[Opening RECORDS FOR THIS EXERCISE section]

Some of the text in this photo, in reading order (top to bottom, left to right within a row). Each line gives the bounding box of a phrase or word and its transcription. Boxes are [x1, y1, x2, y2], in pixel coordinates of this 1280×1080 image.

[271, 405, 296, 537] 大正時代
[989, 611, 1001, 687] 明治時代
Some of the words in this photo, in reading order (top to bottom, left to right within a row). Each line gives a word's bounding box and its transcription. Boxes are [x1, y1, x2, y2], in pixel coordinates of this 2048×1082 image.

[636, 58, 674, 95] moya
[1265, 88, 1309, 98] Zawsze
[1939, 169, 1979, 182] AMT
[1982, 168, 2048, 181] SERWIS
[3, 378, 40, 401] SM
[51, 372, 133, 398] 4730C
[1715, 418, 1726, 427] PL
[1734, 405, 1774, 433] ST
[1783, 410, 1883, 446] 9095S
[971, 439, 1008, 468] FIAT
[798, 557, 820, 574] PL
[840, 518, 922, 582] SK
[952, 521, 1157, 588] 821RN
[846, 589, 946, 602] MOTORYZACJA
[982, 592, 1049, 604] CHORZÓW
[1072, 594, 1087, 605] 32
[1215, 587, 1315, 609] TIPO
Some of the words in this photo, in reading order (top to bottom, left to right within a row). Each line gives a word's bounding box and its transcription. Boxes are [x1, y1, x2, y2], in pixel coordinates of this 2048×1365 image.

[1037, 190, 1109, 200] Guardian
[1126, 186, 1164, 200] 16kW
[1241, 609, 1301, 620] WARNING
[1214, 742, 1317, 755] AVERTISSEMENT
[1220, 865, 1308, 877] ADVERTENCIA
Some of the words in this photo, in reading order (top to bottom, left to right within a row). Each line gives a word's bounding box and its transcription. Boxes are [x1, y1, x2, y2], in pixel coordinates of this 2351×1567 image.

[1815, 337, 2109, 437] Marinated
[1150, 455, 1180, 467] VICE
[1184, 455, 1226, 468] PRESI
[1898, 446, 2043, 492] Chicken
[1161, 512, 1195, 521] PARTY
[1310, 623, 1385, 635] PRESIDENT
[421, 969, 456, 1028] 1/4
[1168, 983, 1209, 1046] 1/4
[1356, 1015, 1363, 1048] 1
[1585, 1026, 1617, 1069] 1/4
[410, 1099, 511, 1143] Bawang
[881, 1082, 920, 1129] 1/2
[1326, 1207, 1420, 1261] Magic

[Closing RECORDS FOR THIS EXERCISE section]

§ ACTION ITEM
Reproduce only the lines running from the one with "this 2351×1567 image." through the final line of the listing above, both ends included.

§ RESULT OF THIS TASK
Some of the words in this photo, in reading order (top to bottom, left to right within a row). Each line gives a word's bounding box and its transcription. Boxes are [x1, y1, x2, y2], in pixel coordinates of this 2351×1567 image.

[1815, 337, 2109, 437] Marinated
[1150, 455, 1180, 467] VICE
[1184, 455, 1226, 468] PRESI
[1898, 446, 2043, 492] Chicken
[1161, 512, 1195, 521] PARTY
[1310, 623, 1385, 635] PRESIDENT
[421, 969, 456, 1028] 1/4
[1168, 983, 1209, 1046] 1/4
[1356, 1015, 1363, 1048] 1
[1585, 1026, 1617, 1069] 1/4
[410, 1099, 511, 1143] Bawang
[881, 1082, 920, 1129] 1/2
[1326, 1207, 1420, 1261] Magic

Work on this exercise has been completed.